This is a different strategy from my previous answer, and I believe it is likely what you are looking for.

There is a construction due to Carr and Devadoss called "graph associahedron" which takes a graph, and gives you a polytope. See arXiv:math/0407229. The polytope is defined combinatorially in terms of "tubings" on the graph.

If your graph is a path, the result is the classical associahedron, and if your graph is a complete graph, the result is the permutohedron.

The cyclohedron is the graph associahedron for a cycle graph, and I expect that this is what you want. The simplest way to define its faces is to say that they are associated to cyclic parenthesizations of the word 1..$n$. The number of pairs of parentheses inserted gives you the codimension of the face. When I say cyclic, that means that you should read 1..$n$ cyclically. Thus, for $n=3$, there are 6 1-faces: the parentheses could be (1)23, 1(2)3, 12(3), (12)3, 1(23), or 1)2(3 (where this last one is allowed because of the cyclicity). There are also 6 0-faces: ((1)2)3, (1(2))3, 1(2(3)), 1((2)3), (1))2(3, and 1)2((3).
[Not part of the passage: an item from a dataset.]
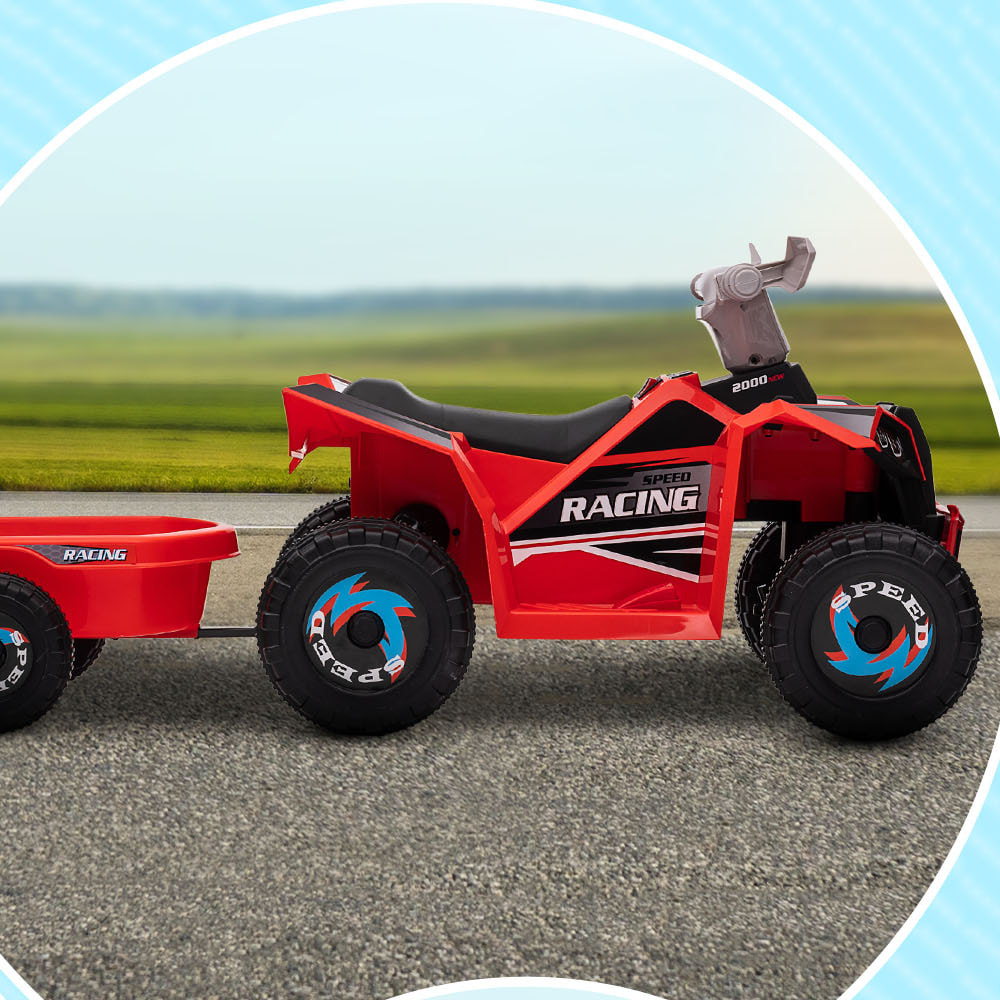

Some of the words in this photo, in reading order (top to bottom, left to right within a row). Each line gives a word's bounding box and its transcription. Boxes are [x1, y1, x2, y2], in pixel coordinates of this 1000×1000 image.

In order to interpret these as trees remembering the bottom vertex, you should do the usual thing to turn parenthesizations into trees, and then let the "bottom" vertex be the one including the number 1.

Removing an edge from the graph, gives you a map from the graph associahedron of the bigger graph to the graph associahedron of the smaller graph. This is Lemma 3.2 of arXiv:0908.3111 by Forcey and Springfield.

Once you note (as Forcey and Springfield do) that the cycle graph on $n$ vertices sits between the complete graph on $n$ vertices and the path on $n$ vertices, you get a sequence of maps of polytopes of the kind you want.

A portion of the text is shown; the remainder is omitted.